*Provided records*.
-- Opening Marker --

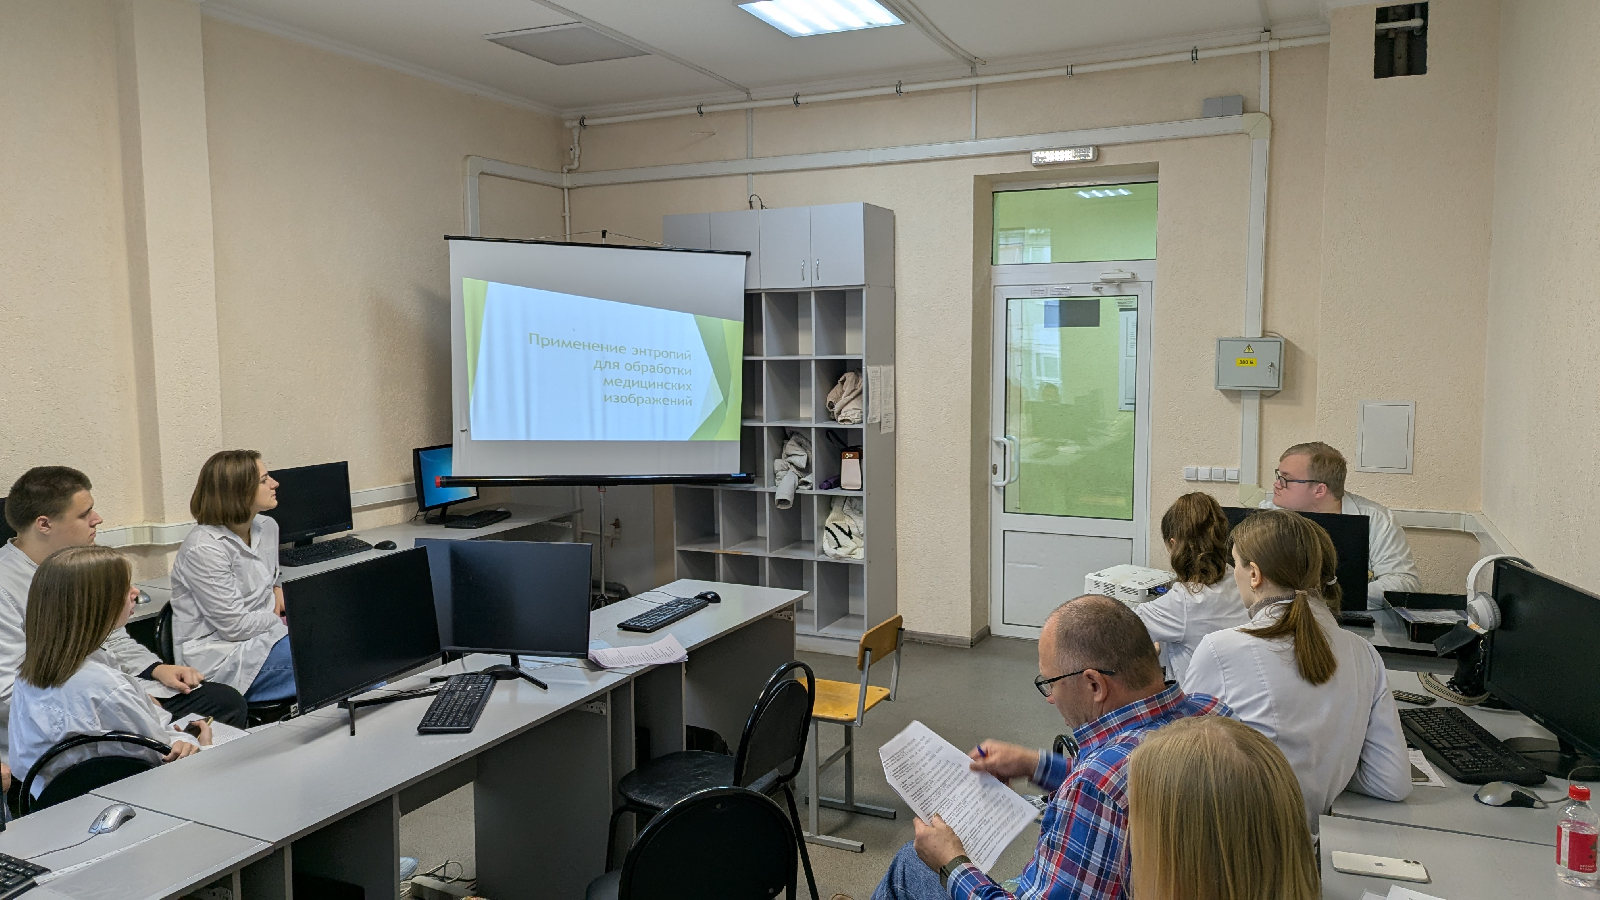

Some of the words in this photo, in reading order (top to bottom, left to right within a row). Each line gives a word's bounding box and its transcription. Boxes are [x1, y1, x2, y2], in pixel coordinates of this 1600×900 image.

[528, 333, 627, 355] Применение
[631, 348, 692, 361] энтропий
[593, 359, 620, 371] для
[624, 361, 692, 376] обработки
[603, 377, 692, 391] медицинских
[603, 393, 693, 407] изображений

-- Closing Marker --

*Problem requirements*. If a record contains a picture, leave the picture out; repeat the record itself exactly.

*Result*.
Some of the words in this photo, in reading order (top to bottom, left to right within a row). Each line gives a word's bounding box and its transcription. Boxes are [x1, y1, x2, y2], in pixel coordinates of this 1600×900 image.

[528, 333, 627, 355] Применение
[631, 348, 692, 361] энтропий
[593, 359, 620, 371] для
[624, 361, 692, 376] обработки
[603, 377, 692, 391] медицинских
[603, 393, 693, 407] изображений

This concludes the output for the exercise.